_What is required_. Leave out the images; return the rest of the data exactly.

[Phrase grounding data]
Content starts

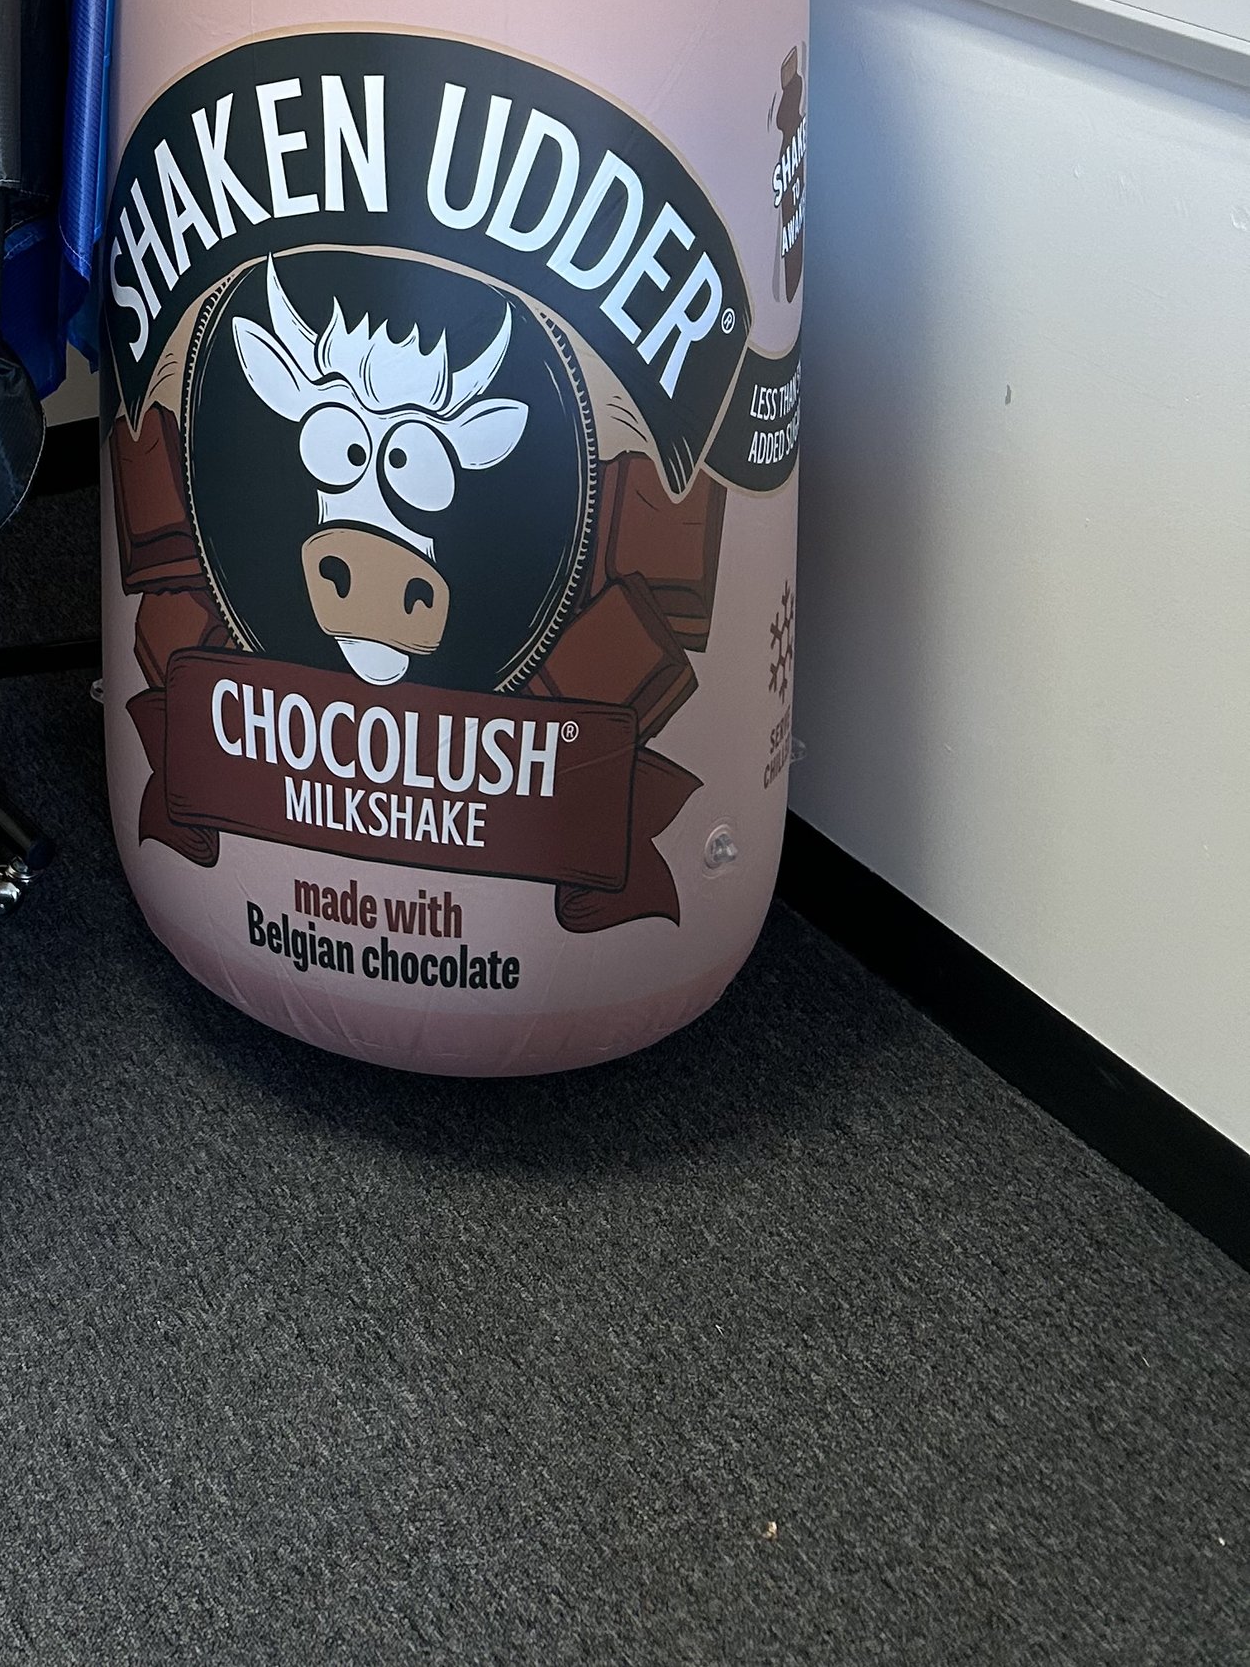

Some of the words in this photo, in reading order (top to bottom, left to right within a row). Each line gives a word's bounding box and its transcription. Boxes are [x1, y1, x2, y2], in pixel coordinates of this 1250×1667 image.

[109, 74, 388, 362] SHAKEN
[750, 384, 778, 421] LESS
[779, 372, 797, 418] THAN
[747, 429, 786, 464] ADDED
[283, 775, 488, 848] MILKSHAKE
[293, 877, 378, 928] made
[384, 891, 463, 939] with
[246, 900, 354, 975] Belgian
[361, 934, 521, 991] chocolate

Content ends

_Written response_.
Some of the words in this photo, in reading order (top to bottom, left to right within a row). Each line gives a word's bounding box and its transcription. Boxes are [x1, y1, x2, y2], in pixel coordinates of this 1250×1667 image.

[109, 74, 388, 362] SHAKEN
[750, 384, 778, 421] LESS
[779, 372, 797, 418] THAN
[747, 429, 786, 464] ADDED
[283, 775, 488, 848] MILKSHAKE
[293, 877, 378, 928] made
[384, 891, 463, 939] with
[246, 900, 354, 975] Belgian
[361, 934, 521, 991] chocolate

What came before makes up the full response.